[Opening MATERIAL SUPPLIED section]
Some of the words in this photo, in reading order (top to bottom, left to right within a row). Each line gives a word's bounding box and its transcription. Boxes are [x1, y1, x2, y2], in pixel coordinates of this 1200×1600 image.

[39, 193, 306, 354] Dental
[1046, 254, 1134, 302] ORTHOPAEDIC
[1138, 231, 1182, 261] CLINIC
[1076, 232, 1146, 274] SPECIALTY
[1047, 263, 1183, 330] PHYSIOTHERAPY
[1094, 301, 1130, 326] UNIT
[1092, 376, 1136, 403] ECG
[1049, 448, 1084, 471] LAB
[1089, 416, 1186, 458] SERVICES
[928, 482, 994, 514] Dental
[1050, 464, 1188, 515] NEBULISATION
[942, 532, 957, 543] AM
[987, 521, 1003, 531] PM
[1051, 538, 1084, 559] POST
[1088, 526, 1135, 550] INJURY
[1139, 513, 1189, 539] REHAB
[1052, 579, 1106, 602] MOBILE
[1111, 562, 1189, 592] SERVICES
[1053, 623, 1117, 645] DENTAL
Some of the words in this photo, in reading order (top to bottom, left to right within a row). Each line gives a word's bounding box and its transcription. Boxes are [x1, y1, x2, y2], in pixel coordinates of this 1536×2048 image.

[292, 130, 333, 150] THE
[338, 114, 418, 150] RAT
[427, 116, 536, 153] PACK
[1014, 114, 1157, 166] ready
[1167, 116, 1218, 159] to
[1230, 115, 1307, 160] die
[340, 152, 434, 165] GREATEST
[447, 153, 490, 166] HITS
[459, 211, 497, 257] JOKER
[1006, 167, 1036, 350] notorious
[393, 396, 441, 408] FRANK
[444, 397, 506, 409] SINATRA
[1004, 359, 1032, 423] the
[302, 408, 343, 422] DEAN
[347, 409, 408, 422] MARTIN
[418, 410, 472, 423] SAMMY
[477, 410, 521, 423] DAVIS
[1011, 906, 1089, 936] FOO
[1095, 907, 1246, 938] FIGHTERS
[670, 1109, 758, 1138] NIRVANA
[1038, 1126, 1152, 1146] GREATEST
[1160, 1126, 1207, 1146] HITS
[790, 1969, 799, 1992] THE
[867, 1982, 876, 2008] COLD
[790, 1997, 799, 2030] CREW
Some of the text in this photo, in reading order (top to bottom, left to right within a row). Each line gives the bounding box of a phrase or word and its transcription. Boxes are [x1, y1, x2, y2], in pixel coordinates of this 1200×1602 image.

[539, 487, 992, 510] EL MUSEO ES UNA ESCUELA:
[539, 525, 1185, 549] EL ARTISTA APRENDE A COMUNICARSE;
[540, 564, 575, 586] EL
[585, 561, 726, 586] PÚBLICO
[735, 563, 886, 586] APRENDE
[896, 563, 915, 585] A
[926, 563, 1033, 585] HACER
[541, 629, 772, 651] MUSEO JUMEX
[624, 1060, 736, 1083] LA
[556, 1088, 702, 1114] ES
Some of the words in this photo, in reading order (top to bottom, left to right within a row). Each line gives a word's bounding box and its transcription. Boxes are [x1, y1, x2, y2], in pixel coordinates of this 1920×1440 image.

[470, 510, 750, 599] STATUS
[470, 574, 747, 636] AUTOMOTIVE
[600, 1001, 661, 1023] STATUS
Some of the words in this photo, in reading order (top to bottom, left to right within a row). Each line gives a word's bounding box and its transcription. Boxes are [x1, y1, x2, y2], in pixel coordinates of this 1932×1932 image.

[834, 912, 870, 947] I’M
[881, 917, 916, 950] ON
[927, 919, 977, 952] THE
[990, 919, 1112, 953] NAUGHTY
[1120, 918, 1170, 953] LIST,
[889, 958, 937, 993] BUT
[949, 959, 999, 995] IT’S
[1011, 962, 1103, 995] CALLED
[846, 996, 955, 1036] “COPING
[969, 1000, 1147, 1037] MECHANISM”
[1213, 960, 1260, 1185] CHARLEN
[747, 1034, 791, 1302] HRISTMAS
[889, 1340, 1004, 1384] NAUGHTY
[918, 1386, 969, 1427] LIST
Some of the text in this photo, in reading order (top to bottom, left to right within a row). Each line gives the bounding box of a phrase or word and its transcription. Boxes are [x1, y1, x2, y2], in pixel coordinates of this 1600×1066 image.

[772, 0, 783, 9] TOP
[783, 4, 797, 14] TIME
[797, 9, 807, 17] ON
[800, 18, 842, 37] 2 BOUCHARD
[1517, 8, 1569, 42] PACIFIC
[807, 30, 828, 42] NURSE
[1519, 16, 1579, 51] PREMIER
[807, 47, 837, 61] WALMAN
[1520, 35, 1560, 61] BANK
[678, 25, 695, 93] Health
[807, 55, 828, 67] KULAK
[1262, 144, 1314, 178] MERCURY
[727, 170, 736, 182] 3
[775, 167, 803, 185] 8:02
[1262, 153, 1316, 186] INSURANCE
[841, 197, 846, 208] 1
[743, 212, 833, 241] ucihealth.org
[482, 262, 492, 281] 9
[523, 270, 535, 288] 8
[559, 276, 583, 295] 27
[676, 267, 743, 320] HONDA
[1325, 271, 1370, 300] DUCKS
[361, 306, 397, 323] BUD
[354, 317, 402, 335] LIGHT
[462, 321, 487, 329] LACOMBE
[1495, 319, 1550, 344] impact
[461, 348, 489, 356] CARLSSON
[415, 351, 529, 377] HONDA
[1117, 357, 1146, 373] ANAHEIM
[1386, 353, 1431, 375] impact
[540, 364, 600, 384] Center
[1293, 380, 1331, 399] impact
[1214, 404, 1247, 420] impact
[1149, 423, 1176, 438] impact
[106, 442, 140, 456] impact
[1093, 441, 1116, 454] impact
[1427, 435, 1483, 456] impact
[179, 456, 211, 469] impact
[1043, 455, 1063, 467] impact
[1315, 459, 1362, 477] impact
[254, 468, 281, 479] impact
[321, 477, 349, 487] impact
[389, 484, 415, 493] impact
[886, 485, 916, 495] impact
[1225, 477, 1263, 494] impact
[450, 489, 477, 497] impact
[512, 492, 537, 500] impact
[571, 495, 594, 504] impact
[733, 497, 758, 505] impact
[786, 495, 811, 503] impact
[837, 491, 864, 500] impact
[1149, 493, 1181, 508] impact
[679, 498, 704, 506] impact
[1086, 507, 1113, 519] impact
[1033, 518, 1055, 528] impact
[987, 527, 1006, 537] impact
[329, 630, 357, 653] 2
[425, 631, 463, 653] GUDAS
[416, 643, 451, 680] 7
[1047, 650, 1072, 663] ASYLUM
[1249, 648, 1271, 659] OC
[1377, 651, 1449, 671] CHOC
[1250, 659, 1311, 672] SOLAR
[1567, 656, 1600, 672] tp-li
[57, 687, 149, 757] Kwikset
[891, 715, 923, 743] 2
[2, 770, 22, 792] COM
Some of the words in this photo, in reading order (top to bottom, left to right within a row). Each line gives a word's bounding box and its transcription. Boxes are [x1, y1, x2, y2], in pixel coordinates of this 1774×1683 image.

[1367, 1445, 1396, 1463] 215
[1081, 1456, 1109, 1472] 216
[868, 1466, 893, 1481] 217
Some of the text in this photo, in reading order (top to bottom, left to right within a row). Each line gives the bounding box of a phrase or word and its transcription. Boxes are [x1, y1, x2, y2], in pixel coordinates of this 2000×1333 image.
[Closing MATERIAL SUPPLIED section]
Each line of the data above is to be duplicated exactly.

## SOLVED PROBLEM
Some of the words in this photo, in reading order (top to bottom, left to right within a row). Each line gives a word's bounding box and its transcription. Boxes are [x1, y1, x2, y2], in pixel coordinates of this 1200×1600 image.

[39, 193, 306, 354] Dental
[1046, 254, 1134, 302] ORTHOPAEDIC
[1138, 231, 1182, 261] CLINIC
[1076, 232, 1146, 274] SPECIALTY
[1047, 263, 1183, 330] PHYSIOTHERAPY
[1094, 301, 1130, 326] UNIT
[1092, 376, 1136, 403] ECG
[1049, 448, 1084, 471] LAB
[1089, 416, 1186, 458] SERVICES
[928, 482, 994, 514] Dental
[1050, 464, 1188, 515] NEBULISATION
[942, 532, 957, 543] AM
[987, 521, 1003, 531] PM
[1051, 538, 1084, 559] POST
[1088, 526, 1135, 550] INJURY
[1139, 513, 1189, 539] REHAB
[1052, 579, 1106, 602] MOBILE
[1111, 562, 1189, 592] SERVICES
[1053, 623, 1117, 645] DENTAL
Some of the words in this photo, in reading order (top to bottom, left to right within a row). Each line gives a word's bounding box and its transcription. Boxes are [x1, y1, x2, y2], in pixel coordinates of this 1536×2048 image.

[292, 130, 333, 150] THE
[338, 114, 418, 150] RAT
[427, 116, 536, 153] PACK
[1014, 114, 1157, 166] ready
[1167, 116, 1218, 159] to
[1230, 115, 1307, 160] die
[340, 152, 434, 165] GREATEST
[447, 153, 490, 166] HITS
[459, 211, 497, 257] JOKER
[1006, 167, 1036, 350] notorious
[393, 396, 441, 408] FRANK
[444, 397, 506, 409] SINATRA
[1004, 359, 1032, 423] the
[302, 408, 343, 422] DEAN
[347, 409, 408, 422] MARTIN
[418, 410, 472, 423] SAMMY
[477, 410, 521, 423] DAVIS
[1011, 906, 1089, 936] FOO
[1095, 907, 1246, 938] FIGHTERS
[670, 1109, 758, 1138] NIRVANA
[1038, 1126, 1152, 1146] GREATEST
[1160, 1126, 1207, 1146] HITS
[790, 1969, 799, 1992] THE
[867, 1982, 876, 2008] COLD
[790, 1997, 799, 2030] CREW
Some of the text in this photo, in reading order (top to bottom, left to right within a row). Each line gives the bounding box of a phrase or word and its transcription. Boxes are [x1, y1, x2, y2], in pixel coordinates of this 1200×1602 image.

[539, 487, 992, 510] EL MUSEO ES UNA ESCUELA:
[539, 525, 1185, 549] EL ARTISTA APRENDE A COMUNICARSE;
[540, 564, 575, 586] EL
[585, 561, 726, 586] PÚBLICO
[735, 563, 886, 586] APRENDE
[896, 563, 915, 585] A
[926, 563, 1033, 585] HACER
[541, 629, 772, 651] MUSEO JUMEX
[624, 1060, 736, 1083] LA
[556, 1088, 702, 1114] ES
Some of the words in this photo, in reading order (top to bottom, left to right within a row). Each line gives a word's bounding box and its transcription. Boxes are [x1, y1, x2, y2], in pixel coordinates of this 1920×1440 image.

[470, 510, 750, 599] STATUS
[470, 574, 747, 636] AUTOMOTIVE
[600, 1001, 661, 1023] STATUS
Some of the words in this photo, in reading order (top to bottom, left to right within a row). Each line gives a word's bounding box and its transcription. Boxes are [x1, y1, x2, y2], in pixel coordinates of this 1932×1932 image.

[834, 912, 870, 947] I’M
[881, 917, 916, 950] ON
[927, 919, 977, 952] THE
[990, 919, 1112, 953] NAUGHTY
[1120, 918, 1170, 953] LIST,
[889, 958, 937, 993] BUT
[949, 959, 999, 995] IT’S
[1011, 962, 1103, 995] CALLED
[846, 996, 955, 1036] “COPING
[969, 1000, 1147, 1037] MECHANISM”
[1213, 960, 1260, 1185] CHARLEN
[747, 1034, 791, 1302] HRISTMAS
[889, 1340, 1004, 1384] NAUGHTY
[918, 1386, 969, 1427] LIST
Some of the text in this photo, in reading order (top to bottom, left to right within a row). Each line gives the bounding box of a phrase or word and its transcription. Boxes are [x1, y1, x2, y2], in pixel coordinates of this 1600×1066 image.

[772, 0, 783, 9] TOP
[783, 4, 797, 14] TIME
[797, 9, 807, 17] ON
[800, 18, 842, 37] 2 BOUCHARD
[1517, 8, 1569, 42] PACIFIC
[807, 30, 828, 42] NURSE
[1519, 16, 1579, 51] PREMIER
[807, 47, 837, 61] WALMAN
[1520, 35, 1560, 61] BANK
[678, 25, 695, 93] Health
[807, 55, 828, 67] KULAK
[1262, 144, 1314, 178] MERCURY
[727, 170, 736, 182] 3
[775, 167, 803, 185] 8:02
[1262, 153, 1316, 186] INSURANCE
[841, 197, 846, 208] 1
[743, 212, 833, 241] ucihealth.org
[482, 262, 492, 281] 9
[523, 270, 535, 288] 8
[559, 276, 583, 295] 27
[676, 267, 743, 320] HONDA
[1325, 271, 1370, 300] DUCKS
[361, 306, 397, 323] BUD
[354, 317, 402, 335] LIGHT
[462, 321, 487, 329] LACOMBE
[1495, 319, 1550, 344] impact
[461, 348, 489, 356] CARLSSON
[415, 351, 529, 377] HONDA
[1117, 357, 1146, 373] ANAHEIM
[1386, 353, 1431, 375] impact
[540, 364, 600, 384] Center
[1293, 380, 1331, 399] impact
[1214, 404, 1247, 420] impact
[1149, 423, 1176, 438] impact
[106, 442, 140, 456] impact
[1093, 441, 1116, 454] impact
[1427, 435, 1483, 456] impact
[179, 456, 211, 469] impact
[1043, 455, 1063, 467] impact
[1315, 459, 1362, 477] impact
[254, 468, 281, 479] impact
[321, 477, 349, 487] impact
[389, 484, 415, 493] impact
[886, 485, 916, 495] impact
[1225, 477, 1263, 494] impact
[450, 489, 477, 497] impact
[512, 492, 537, 500] impact
[571, 495, 594, 504] impact
[733, 497, 758, 505] impact
[786, 495, 811, 503] impact
[837, 491, 864, 500] impact
[1149, 493, 1181, 508] impact
[679, 498, 704, 506] impact
[1086, 507, 1113, 519] impact
[1033, 518, 1055, 528] impact
[987, 527, 1006, 537] impact
[329, 630, 357, 653] 2
[425, 631, 463, 653] GUDAS
[416, 643, 451, 680] 7
[1047, 650, 1072, 663] ASYLUM
[1249, 648, 1271, 659] OC
[1377, 651, 1449, 671] CHOC
[1250, 659, 1311, 672] SOLAR
[1567, 656, 1600, 672] tp-li
[57, 687, 149, 757] Kwikset
[891, 715, 923, 743] 2
[2, 770, 22, 792] COM
Some of the words in this photo, in reading order (top to bottom, left to right within a row). Each line gives a word's bounding box and its transcription. Boxes are [x1, y1, x2, y2], in pixel coordinates of this 1774×1683 image.

[1367, 1445, 1396, 1463] 215
[1081, 1456, 1109, 1472] 216
[868, 1466, 893, 1481] 217
Some of the text in this photo, in reading order (top to bottom, left to right within a row). Each line gives the bounding box of a phrase or word and its transcription. Boxes are [x1, y1, x2, y2], in pixel coordinates of this 2000×1333 image.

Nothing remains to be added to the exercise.